The following article is taken from National Magazine: Click here to go to the original article.

By Alexander Gay  | November 27, 2018

Litigation and arbitration can be lengthy and costly, which explains in part why mediation has been gaining in popularity as a method for resolving cross-border commercial disputes. What’s lacking, however, is a comprehensive legal framework for the enforcement of international settlement agreements. Without one, parties to a mediated settlement usually have to get a court judgment in a foreign jurisdiction to enforce the agreement.

That is set to change, as the United Nations Commission on International Trade Law (UNCITRAL) moves forward with a new tool that will facilitate the recognition and enforcement of mediated settlements.  This year, UNCITRAL approved the Convention on International Settlement Agreements Resulting from Mediation – informally known as the Singapore Convention.  The document is now open for signing.

The document is the culmination of a process that began in May 2014, when the United States proposed to develop a multilateral approach that would assist with the recognition and enforcement of mediation settlements.  In essence, the idea was to replicate the mechanisms that exist under the New York Convention for arbitration awards.

The Singapore Convention, which applies only to “international agreements resulting from mediation” and concluded in writing, excludes several matters from its jurisdiction — consumer, family and employment disputes, for example.  Article 1 also excludes settlement agreements which (a) have been approved by a court or have been concluded in the course of court proceedings; (b) are enforceable as a judgment in the state of that court or (c) that have been recorded and are enforceable as an arbitration award. These exceptions are intended to avoid conflicts with other international conventions, namely the New York Convention.
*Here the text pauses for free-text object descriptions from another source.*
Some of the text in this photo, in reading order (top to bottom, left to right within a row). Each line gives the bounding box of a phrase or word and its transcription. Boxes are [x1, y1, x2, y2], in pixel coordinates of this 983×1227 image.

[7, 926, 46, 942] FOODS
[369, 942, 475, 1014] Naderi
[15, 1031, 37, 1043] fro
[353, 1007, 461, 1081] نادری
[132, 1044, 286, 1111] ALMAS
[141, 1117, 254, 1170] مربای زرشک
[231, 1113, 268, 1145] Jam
Some conditions must be fulfilled for a state to enforce a settlement agreement.  Under Article 4, a party must supply a signed settlement agreement, and evidence that it resulted from a mediated process.  Proof of this may include the mediator’s signature on the settlement agreement, an attestation by the institution administering the mediation or any other evidence acceptable to the competent authority under their domestic law.  An affidavit from the mediator may be sufficient.
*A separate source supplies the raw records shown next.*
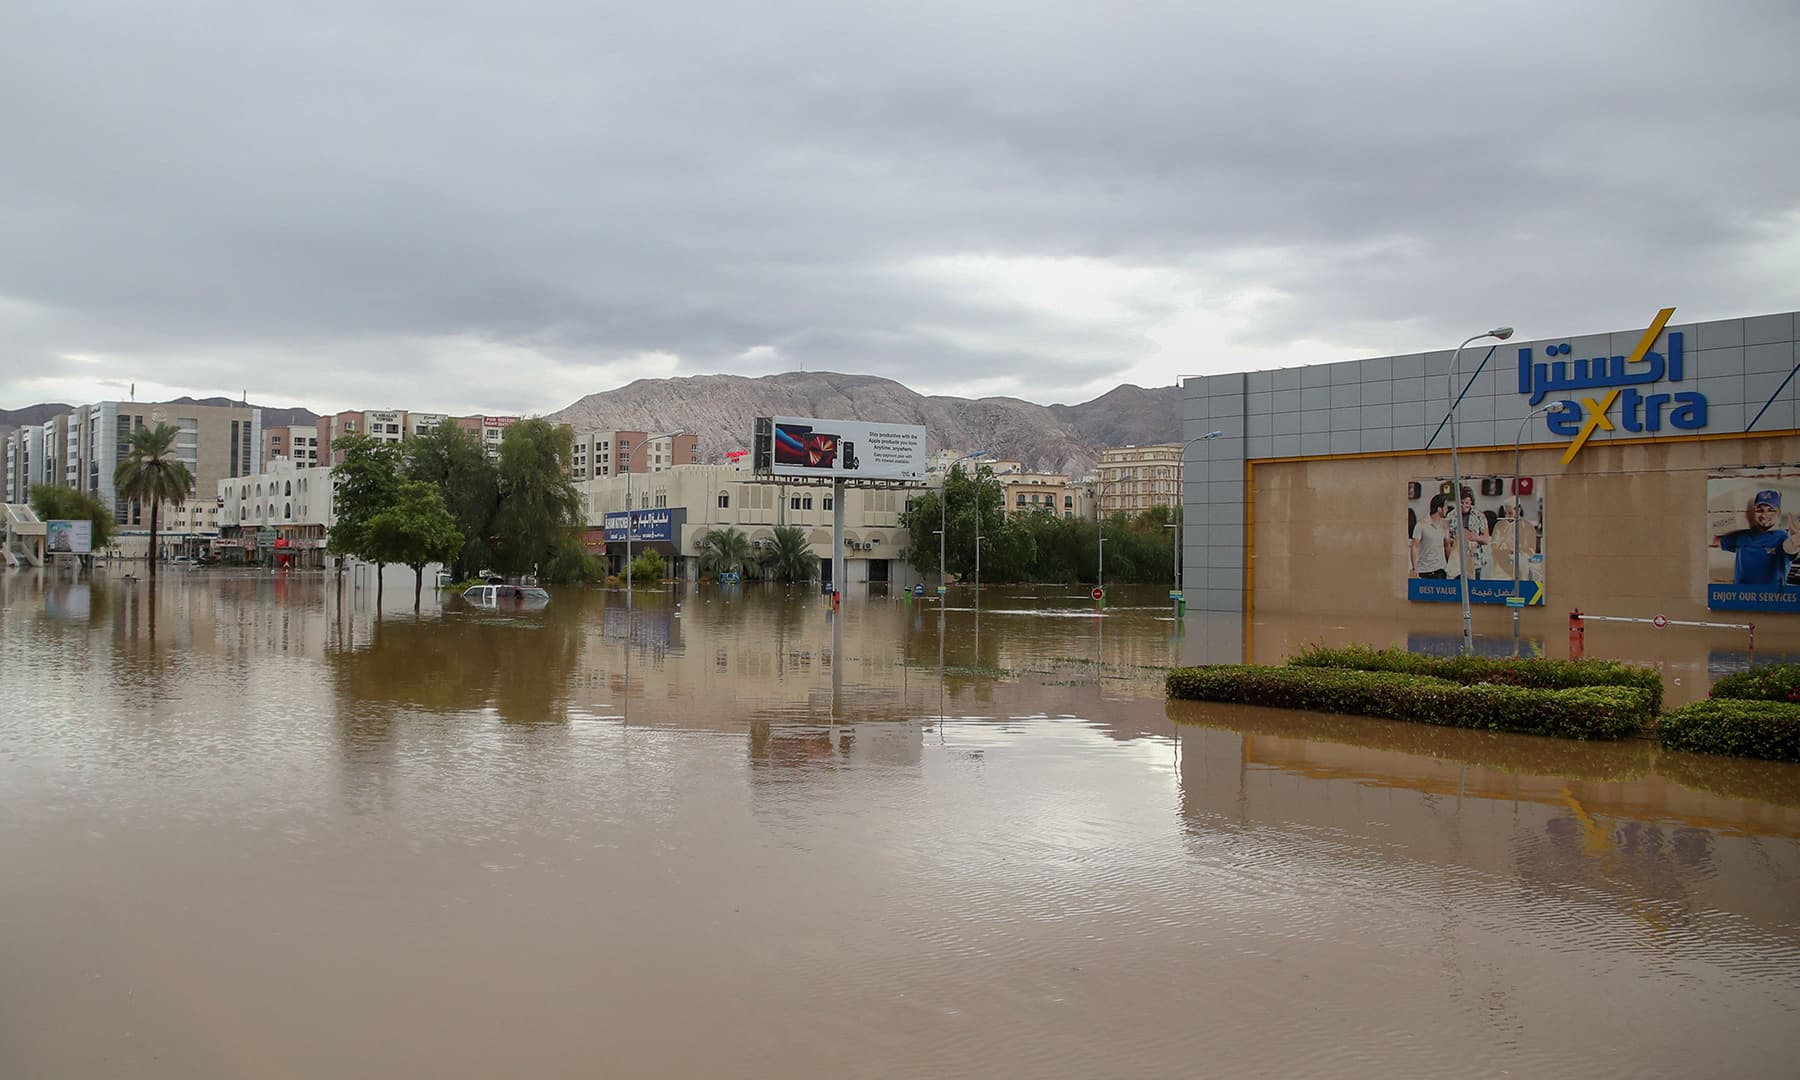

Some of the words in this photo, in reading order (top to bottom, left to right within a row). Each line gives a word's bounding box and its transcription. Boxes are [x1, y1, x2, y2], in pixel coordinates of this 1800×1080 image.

[1518, 307, 1683, 406] اكسترا
[1546, 388, 1708, 465] extra
[1419, 586, 1434, 595] BEST
[1435, 586, 1457, 595] VALUE
[1712, 591, 1737, 602] ENJOY
[1738, 591, 1757, 601] OUR
[1759, 592, 1797, 603] SERVICES
Much like the New York Convention, a signatory state may refuse relief only on one of five grounds outlined in Article 5.  Otherwise, it must recognize and enforce the settlement agreement.  The five grounds are: (a) the incapacity of a party to the settlement; (b) the settlement agreement is null and void, inoperative or incapable of being performed under the applicable law; (c) the settlement agreement is not binding, or is not final, according to its terms; has been subsequently modified; the obligations in it have been performed or are not clear or comprehensible; granting relief would be contrary to its terms; (d) there was a serious breach of mediator standards; (e) failure by the mediator to disclose to the parties’ circumstances that raise justifiable doubts as to the mediator’s impartiality or independence.

Article 5(2) also provides that relief by a signature state may be refused where it is “contrary to the public policy” of the state where enforcement is sought or the “subject matter of the dispute is not capable of settlement by mediation under the law of that state.”  Within the context of the UNCITRAL Model Law and the New York Convention, there is an abundance of case law explaining the scope of Article 5(2).

Ultimately, once it comes to effect, and assuming a critical number of states agree to sign it, the Singapore Convention ought to facilitate transnational trade by allowing mediated settlements to be more easily recognized and enforced by the different signatory states.  For example, by allowing arbitration awards to be recognized and enforced across different jurisdictions, the New York Convention became one of the most successful treaties in private international law. Hopefully, by helping alleviate the cost of litigation, the Singapore Convention will achieve the same measure of success and mark a breakthrough for international trade.

Alexander Gay is General Counsel at the Department of Justice. He maintains a broad civil litigation practice, with an emphasis on commercial and trade disputes. He is also a part-time professor at the University of Ottawa (Faculty of Law) and the author of the Annotated Arbitration Act of Ontario, 1991. The author’s views are his own.